Set out exactly, and with nothing added, the line containing "this 1400×1867 image." and every line after it through the final line of the data.

Excerpts from a dataset:
+ + + + +

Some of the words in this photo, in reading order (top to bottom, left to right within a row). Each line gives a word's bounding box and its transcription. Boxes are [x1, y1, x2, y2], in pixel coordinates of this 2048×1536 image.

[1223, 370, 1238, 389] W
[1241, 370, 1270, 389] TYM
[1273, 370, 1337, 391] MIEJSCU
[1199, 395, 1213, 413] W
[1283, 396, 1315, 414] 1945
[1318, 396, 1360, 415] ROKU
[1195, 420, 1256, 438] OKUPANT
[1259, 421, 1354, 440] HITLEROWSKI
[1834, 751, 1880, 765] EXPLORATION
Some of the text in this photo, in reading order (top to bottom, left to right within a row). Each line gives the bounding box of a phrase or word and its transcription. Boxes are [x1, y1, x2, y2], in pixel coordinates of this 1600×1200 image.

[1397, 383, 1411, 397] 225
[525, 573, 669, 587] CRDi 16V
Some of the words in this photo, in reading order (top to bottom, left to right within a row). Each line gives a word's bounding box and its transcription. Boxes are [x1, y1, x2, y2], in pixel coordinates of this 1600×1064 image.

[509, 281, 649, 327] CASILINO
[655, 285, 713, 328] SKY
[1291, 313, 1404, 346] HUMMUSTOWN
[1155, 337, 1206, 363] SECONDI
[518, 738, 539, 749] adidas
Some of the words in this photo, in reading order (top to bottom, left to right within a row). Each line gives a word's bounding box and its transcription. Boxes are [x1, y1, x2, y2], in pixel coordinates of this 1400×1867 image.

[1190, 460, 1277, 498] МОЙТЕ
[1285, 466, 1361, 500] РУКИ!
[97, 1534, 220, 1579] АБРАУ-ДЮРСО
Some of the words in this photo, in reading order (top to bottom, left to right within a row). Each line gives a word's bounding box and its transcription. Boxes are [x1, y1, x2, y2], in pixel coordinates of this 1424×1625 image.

+ + + + +

**WRITTEN SOLUTION:**
Some of the words in this photo, in reading order (top to bottom, left to right within a row). Each line gives a word's bounding box and its transcription. Boxes are [x1, y1, x2, y2], in pixel coordinates of this 1400×1867 image.

[1190, 460, 1277, 498] МОЙТЕ
[1285, 466, 1361, 500] РУКИ!
[97, 1534, 220, 1579] АБРАУ-ДЮРСО
Some of the words in this photo, in reading order (top to bottom, left to right within a row). Each line gives a word's bounding box and its transcription. Boxes are [x1, y1, x2, y2], in pixel coordinates of this 1424×1625 image.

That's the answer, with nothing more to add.